Your assignment: The copy you return should hold every record below word for word and no images.
..........
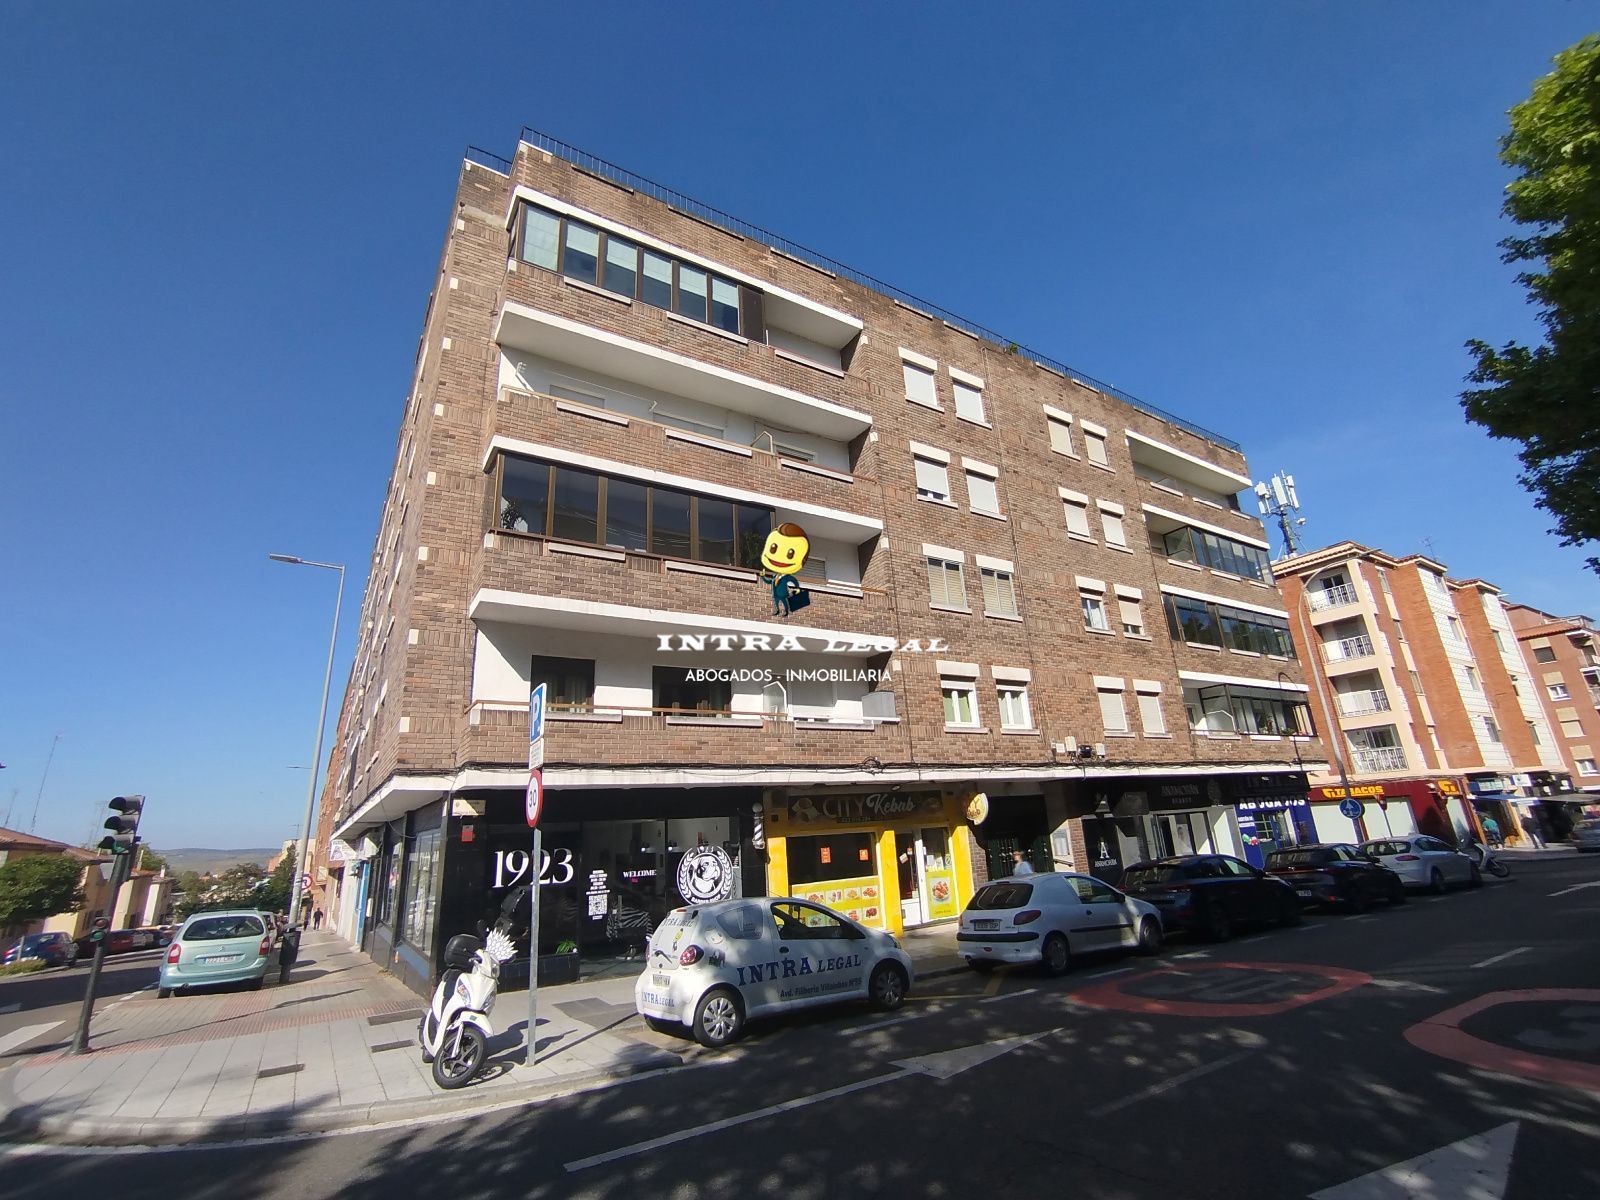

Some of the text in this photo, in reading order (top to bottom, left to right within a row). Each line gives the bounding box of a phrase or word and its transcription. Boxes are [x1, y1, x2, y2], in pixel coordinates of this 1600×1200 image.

[532, 693, 541, 737] P
[528, 790, 537, 808] 30
[822, 793, 917, 818] CITY Kebab
[492, 848, 574, 888] 1923
[623, 869, 657, 878] WELCOME
[737, 954, 862, 986] INTRA LEGAL
[641, 991, 659, 1005] INTRA
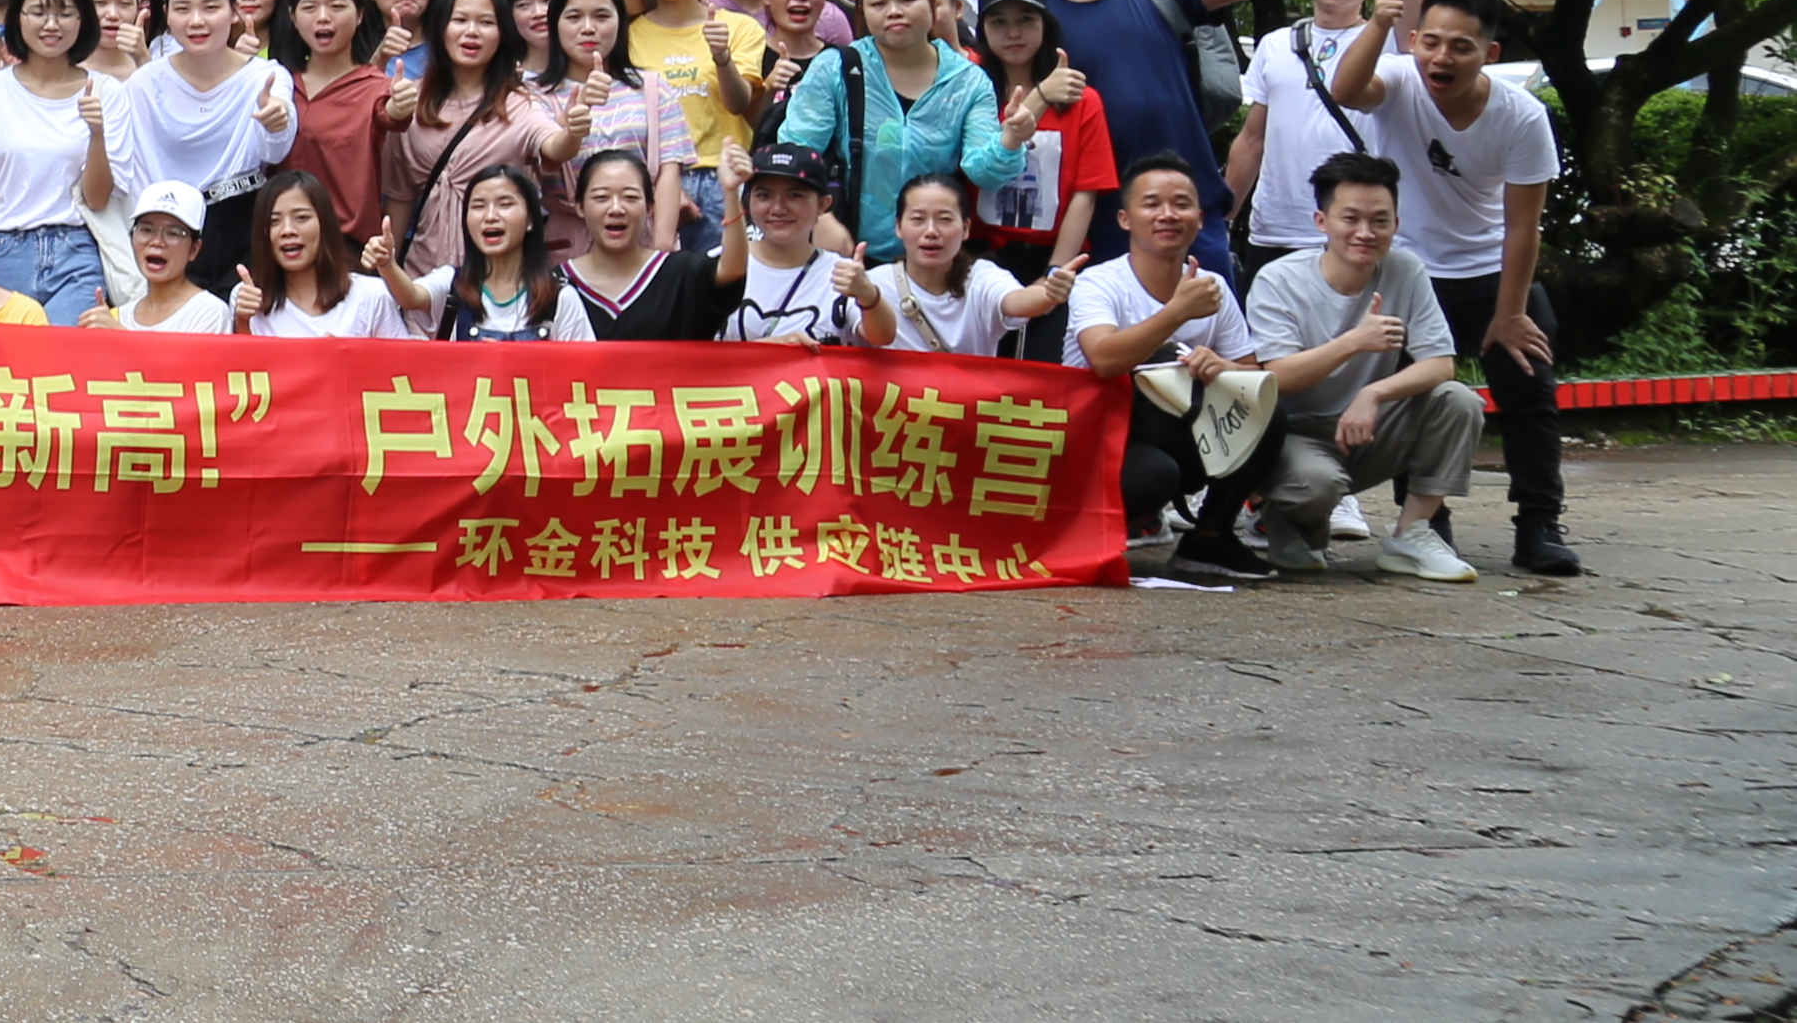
..........
Output of the task:
Some of the text in this photo, in reading order (top to bottom, left to right within a row). Each line gives the bounding box of a phrase or word and its transcription. Boxes are [x1, y1, x2, y2], in pixel coordinates of this 1600×1200 image.

[532, 693, 541, 737] P
[528, 790, 537, 808] 30
[822, 793, 917, 818] CITY Kebab
[492, 848, 574, 888] 1923
[623, 869, 657, 878] WELCOME
[737, 954, 862, 986] INTRA LEGAL
[641, 991, 659, 1005] INTRA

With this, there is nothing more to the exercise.